Oltre seimila le presenze stimate nei giorni di questo capitolo del cartellone che ha avuto il suo culmine  domenica 7 settembre, quando i rappresentati delle frazioni derutesi hanno rievocato una pratica del 1846.
In quell’anno, infatti, a seguito di un terremoto che danneggiò l’acquedotto, i derutesi dovettero fare la spola armati di brocche per portare l’acqua dalla valle alla città.
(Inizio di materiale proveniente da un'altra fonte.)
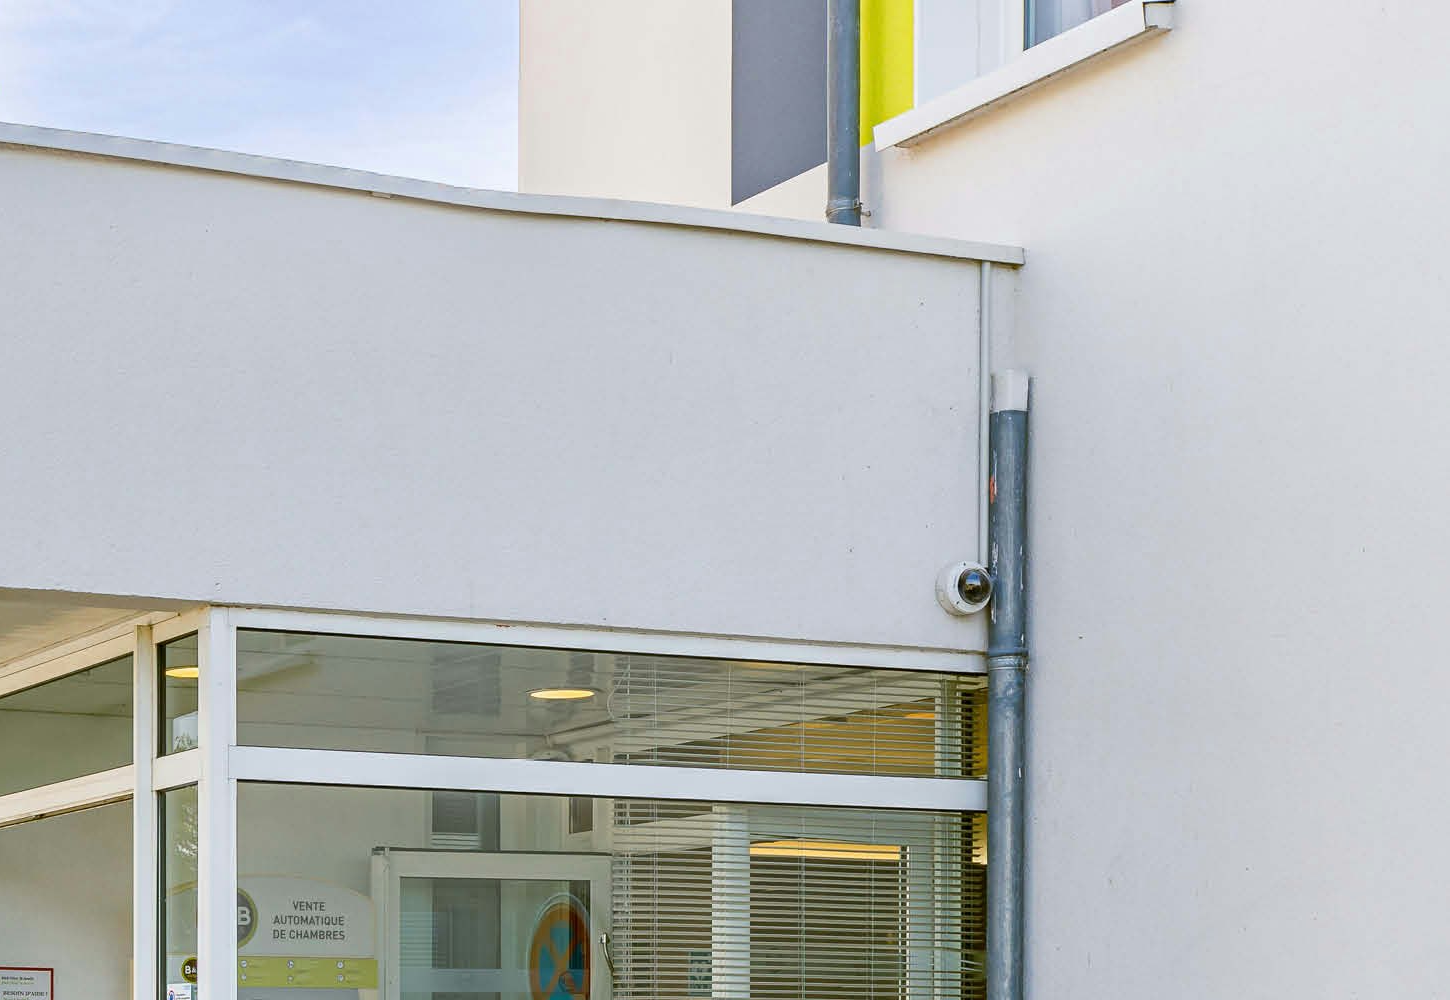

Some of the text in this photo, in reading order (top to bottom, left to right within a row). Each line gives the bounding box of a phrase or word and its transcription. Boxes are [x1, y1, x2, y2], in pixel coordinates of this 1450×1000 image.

[292, 901, 326, 912] VENTE
[273, 915, 345, 926] AUTOMATIQUE
[272, 929, 345, 941] DE CHAMBRES
Prima della corsa, secondo il programma dell’Associazione Palio della brocca, organizzatrice dell’evento, i rioni si sono misurati in ulteriori tre prove a cui hanno preso parte, in totale, 120 persone: il tiro alla fune e le cosiddette ‘tavola a piedi’ e ‘tavola in bicicletta’.
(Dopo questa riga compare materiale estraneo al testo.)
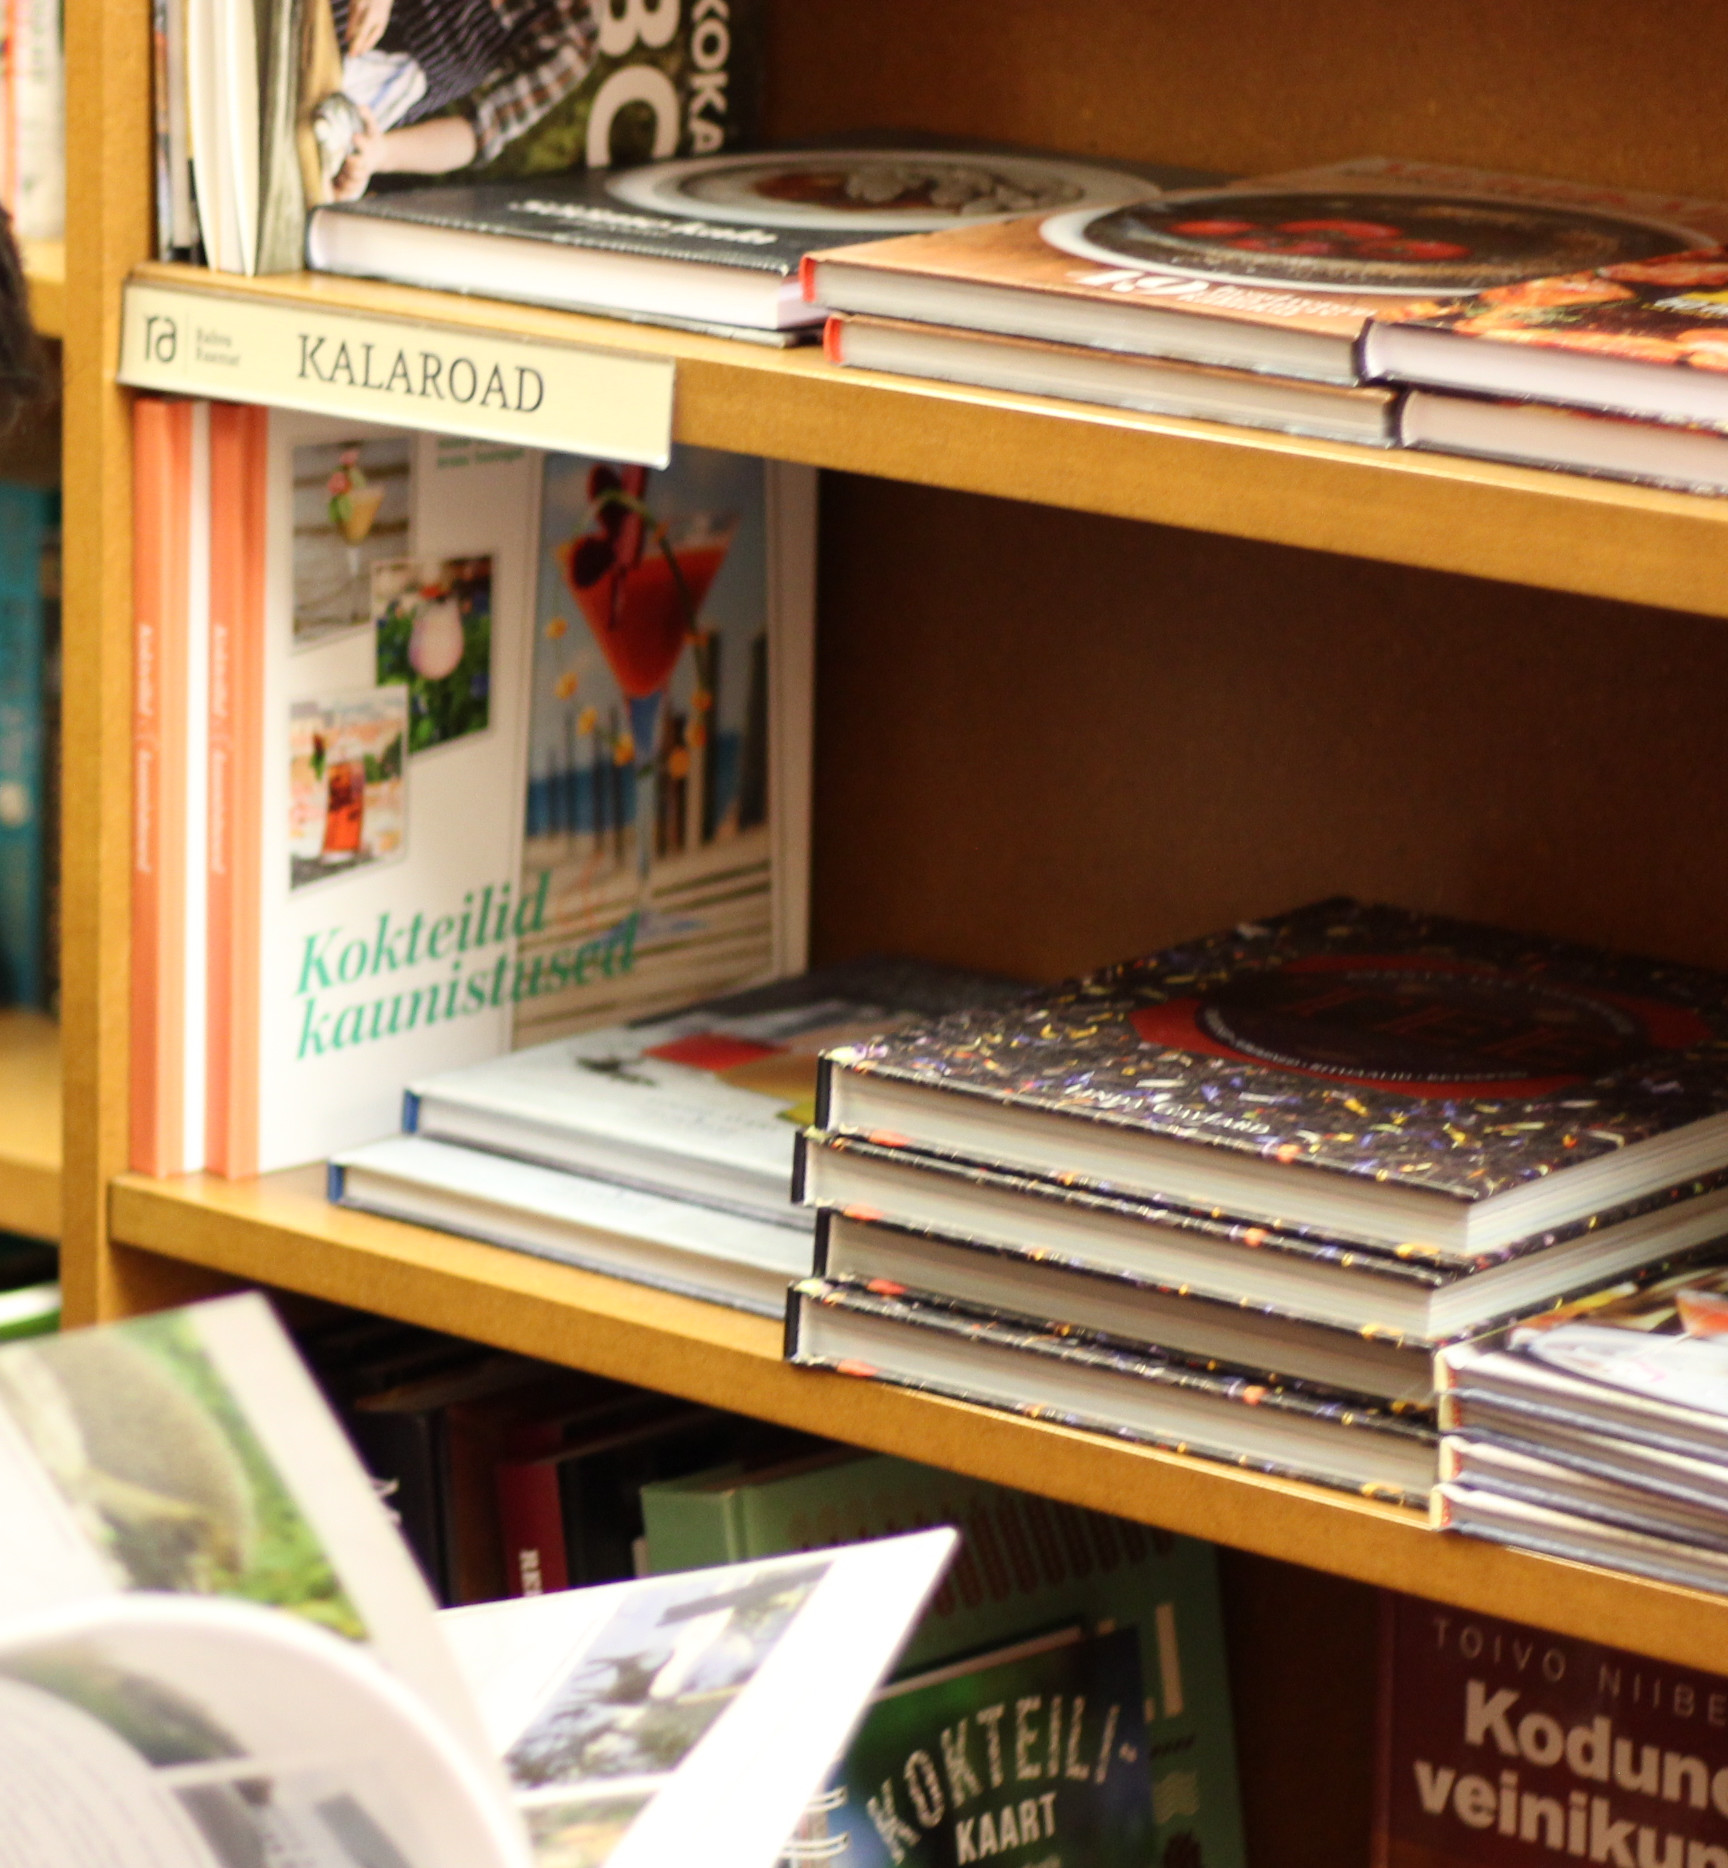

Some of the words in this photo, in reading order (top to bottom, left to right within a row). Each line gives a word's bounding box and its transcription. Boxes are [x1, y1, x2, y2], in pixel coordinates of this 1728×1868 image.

[297, 333, 545, 414] KALAROAD
[295, 869, 553, 997] Kokteilid
[296, 909, 641, 1062] kaunistused
[1434, 1615, 1567, 1684] TOIVO
[954, 1791, 1057, 1867] KAART
Anche queste ultime due pratiche, oggi sportive, riprendono una consuetudine passata, seppur più recente, appartenente agli anni Sessanta, Settanta e Ottanta, quando i manufatti in ceramica venivano condotti dalle fabbriche alle case degli artigiani, spesso operaie in maternità, per le rifiniture.
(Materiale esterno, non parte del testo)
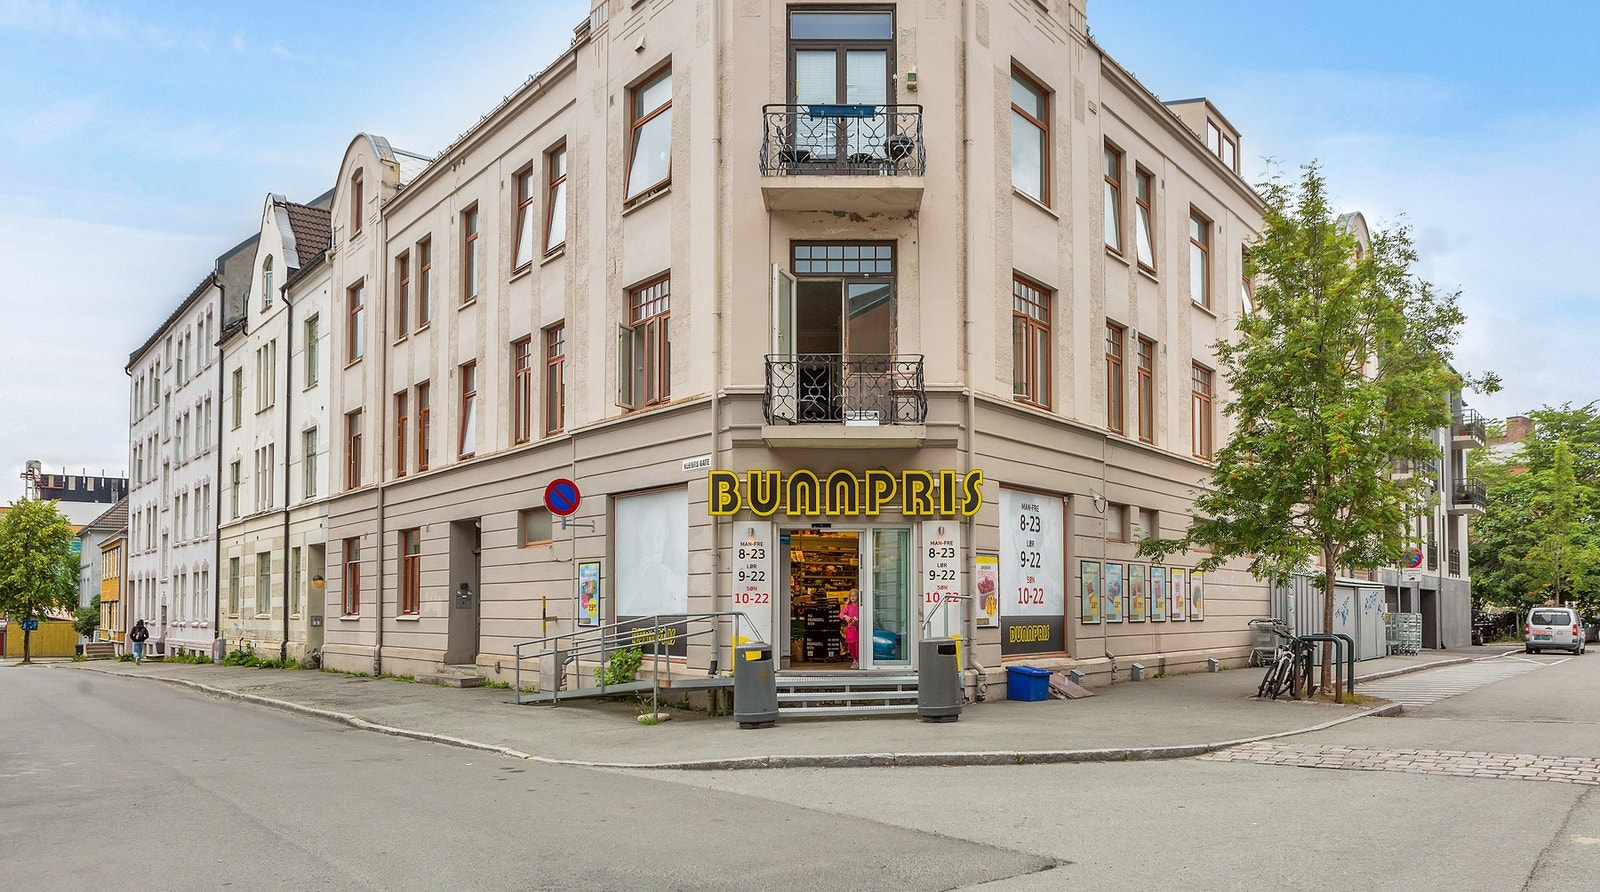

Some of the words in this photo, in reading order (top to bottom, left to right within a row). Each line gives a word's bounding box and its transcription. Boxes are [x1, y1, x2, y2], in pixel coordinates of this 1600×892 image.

[700, 458, 710, 467] GATE
[708, 468, 983, 517] BUNNPRIS
[1022, 502, 1040, 512] MAN-FRE
[1020, 514, 1040, 533] 8-23
[1026, 540, 1035, 548] LØR
[738, 548, 766, 560] 8-23
[928, 548, 955, 558] 8-23
[1020, 551, 1041, 568] 9-22
[738, 571, 765, 582] 9-22
[928, 570, 956, 580] 9-22
[734, 592, 769, 604] 10-22
[926, 592, 959, 602] 1022
[1018, 588, 1044, 604] 10-22
[1010, 624, 1050, 643] BUNNPRIS
“Siamo andati oltre le più rosee aspettative – ha detto Agostino Veschini, presidente dell’Associazione Palio della brocca – sia per quanto riguarda la riuscita del tutto sia, soprattutto, per quanto concerne le presenze.deruta brocca pubblico
La novità dell’edizione, l’allestimento della Locanda dei rioni, ha avvicinato moltissimi visitatori, ma la cosa più bella è stata la partecipazione dei ragazzi derutesi.
Con l’evento dedicato a loro, che abbiamo chiamato, infatti, il ‘Palio dei giovani’, abbiamo potuto trasmettere la nostra tradizione a tanti ragazzi dai 5 ai 17 anni.
Ci rimetteremo subito a lavoro per la prossima edizione che vogliamo ampliare e arricchire sempre più”.

L’attenzione alle giovani generazioni di ‘Magia di un’arte’ non smette con la fine del palio, ma prosegue con l’evento di chiusura, novità dell’edizione 2014.
Sabato 13 settembre, infatti, sarà la volta di ‘A Deruta… un giorno da favola’, una giornata per i più piccoli
in seno al progetto nazionale, recepito dalla Regione Umbria e attuato anche dal Comune di Deruta, ‘Nati per leggere’, per il quale, sempre all’interno del festival, è stata già inaugurata una biblioteca dedicata.